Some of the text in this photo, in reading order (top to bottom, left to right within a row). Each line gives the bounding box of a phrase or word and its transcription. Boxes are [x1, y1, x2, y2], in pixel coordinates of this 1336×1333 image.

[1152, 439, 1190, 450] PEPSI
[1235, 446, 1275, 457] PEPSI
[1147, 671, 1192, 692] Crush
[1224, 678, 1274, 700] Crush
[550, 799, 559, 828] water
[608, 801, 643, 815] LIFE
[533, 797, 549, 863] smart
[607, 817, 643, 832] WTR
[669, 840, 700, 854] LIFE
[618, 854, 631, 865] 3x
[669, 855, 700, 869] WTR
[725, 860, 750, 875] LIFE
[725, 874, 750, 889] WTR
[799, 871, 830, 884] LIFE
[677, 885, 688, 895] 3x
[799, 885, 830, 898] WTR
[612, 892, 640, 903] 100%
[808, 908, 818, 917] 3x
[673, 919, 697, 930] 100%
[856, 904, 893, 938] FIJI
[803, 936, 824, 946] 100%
◇ ◇ ◇
▶ **TASK TO CARRY OUT**
Transcribe all the data word for word, as it appears above.

▶ **ANSWER TO THE EXERCISE**
Some of the text in this photo, in reading order (top to bottom, left to right within a row). Each line gives the bounding box of a phrase or word and its transcription. Boxes are [x1, y1, x2, y2], in pixel coordinates of this 1336×1333 image.

[1152, 439, 1190, 450] PEPSI
[1235, 446, 1275, 457] PEPSI
[1147, 671, 1192, 692] Crush
[1224, 678, 1274, 700] Crush
[550, 799, 559, 828] water
[608, 801, 643, 815] LIFE
[533, 797, 549, 863] smart
[607, 817, 643, 832] WTR
[669, 840, 700, 854] LIFE
[618, 854, 631, 865] 3x
[669, 855, 700, 869] WTR
[725, 860, 750, 875] LIFE
[725, 874, 750, 889] WTR
[799, 871, 830, 884] LIFE
[677, 885, 688, 895] 3x
[799, 885, 830, 898] WTR
[612, 892, 640, 903] 100%
[808, 908, 818, 917] 3x
[673, 919, 697, 930] 100%
[856, 904, 893, 938] FIJI
[803, 936, 824, 946] 100%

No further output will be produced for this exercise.